Seu pai estava arquitetando um plano para lhe meter medo.

Um belo dia seu pai achou como fazer-lhe medo. Foi esperá-lo na estrada com um lençol branco na cabeça como um fantasma.

Lá vinha Joãozinho cantando pela estrada, quando ouviu um ruído que parecia uns urros. Ele pensou: "É certo que deve ser o tal medo que papai tanto fala!"

Foi chegando mais perto, chegando... chegando... quando se deparou com um vulto branco por detrás de uma moita. Chegou mais perto e disse: "Ah! É o medo, e olha que engraçado! Ele tem um filhotinho..."

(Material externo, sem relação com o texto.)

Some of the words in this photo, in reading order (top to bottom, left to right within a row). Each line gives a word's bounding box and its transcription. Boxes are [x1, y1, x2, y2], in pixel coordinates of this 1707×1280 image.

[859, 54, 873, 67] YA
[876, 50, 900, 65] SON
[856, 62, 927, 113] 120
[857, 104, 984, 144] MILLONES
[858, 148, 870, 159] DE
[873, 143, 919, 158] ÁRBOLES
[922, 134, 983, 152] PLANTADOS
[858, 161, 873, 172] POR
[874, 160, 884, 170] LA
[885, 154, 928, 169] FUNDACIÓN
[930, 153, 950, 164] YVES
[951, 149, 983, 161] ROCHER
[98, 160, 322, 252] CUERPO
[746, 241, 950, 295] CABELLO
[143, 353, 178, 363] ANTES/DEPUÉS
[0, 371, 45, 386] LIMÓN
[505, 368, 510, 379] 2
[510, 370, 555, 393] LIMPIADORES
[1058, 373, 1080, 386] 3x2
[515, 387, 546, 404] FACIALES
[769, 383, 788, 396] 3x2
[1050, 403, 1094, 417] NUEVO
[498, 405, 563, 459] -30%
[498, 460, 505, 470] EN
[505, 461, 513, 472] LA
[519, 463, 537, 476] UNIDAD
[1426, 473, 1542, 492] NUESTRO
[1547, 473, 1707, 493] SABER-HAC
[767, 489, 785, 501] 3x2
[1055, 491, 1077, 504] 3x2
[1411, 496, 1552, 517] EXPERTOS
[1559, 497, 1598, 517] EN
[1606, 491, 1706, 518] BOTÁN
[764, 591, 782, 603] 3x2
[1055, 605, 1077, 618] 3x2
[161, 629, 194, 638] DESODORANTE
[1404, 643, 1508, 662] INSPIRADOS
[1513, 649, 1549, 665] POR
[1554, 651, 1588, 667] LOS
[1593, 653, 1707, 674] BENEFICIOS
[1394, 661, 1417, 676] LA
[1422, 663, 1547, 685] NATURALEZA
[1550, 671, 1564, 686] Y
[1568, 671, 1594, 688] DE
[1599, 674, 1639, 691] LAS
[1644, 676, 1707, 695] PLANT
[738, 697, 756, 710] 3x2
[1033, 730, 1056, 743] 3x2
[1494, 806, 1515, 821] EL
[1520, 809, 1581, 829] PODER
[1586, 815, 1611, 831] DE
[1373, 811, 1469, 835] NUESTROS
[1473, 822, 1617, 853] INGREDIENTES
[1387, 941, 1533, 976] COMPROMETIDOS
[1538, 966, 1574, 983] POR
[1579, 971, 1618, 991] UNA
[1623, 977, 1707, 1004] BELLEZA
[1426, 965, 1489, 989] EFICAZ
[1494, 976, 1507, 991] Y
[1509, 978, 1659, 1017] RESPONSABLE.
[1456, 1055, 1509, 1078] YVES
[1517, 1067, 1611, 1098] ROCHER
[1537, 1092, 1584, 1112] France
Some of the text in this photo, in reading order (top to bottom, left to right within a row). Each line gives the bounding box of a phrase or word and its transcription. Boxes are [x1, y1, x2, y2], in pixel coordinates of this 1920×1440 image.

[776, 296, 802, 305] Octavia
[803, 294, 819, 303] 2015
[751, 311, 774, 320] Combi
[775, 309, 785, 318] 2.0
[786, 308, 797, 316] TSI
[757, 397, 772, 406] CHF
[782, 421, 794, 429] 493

Quando seu pai olhou para trás e viu aquele vultozinho branco, saiu em desabalada carreira. Joãozinho quase morreu de rir vendo o vulto grande na frente e o pequeno atrás, aí ele gritou: "Corre medão, que lá vai o medinho atrás."

Chegou em casa a morrer de rir. Seu pai estava sentado numa cadeira com o coração saindo pela boca. Aí que foram ver que o macaquinho havia pego um pano de prato branco e foi atrás do pai de Joãozinho.

O pai de Joãozinho nunca mais se importou com a coragem do filho e ele continuou a passear à noite sem nenhum medo."

* * *

A morte de vó trouxe um vazio enorme àquela casa. Ficávamos a procura de algo para fazer, com a esperança que se ocupássemos o tempo, esqueceríamos com mais facilidade.

Eu gostava muito de ajudar minha mãe nos serviços domésticos, aliás, no bom sentido da palavra, eu até levava jeito. Ajudava a cozinhar, lavar roupa. Meus irmãos às vezes ficavam gozando de mim me colocando apelidos femininos, mas eu não ligava. Eu sempre pensava que aqueles serviços não iam me trazer mal algum, pelo contrário.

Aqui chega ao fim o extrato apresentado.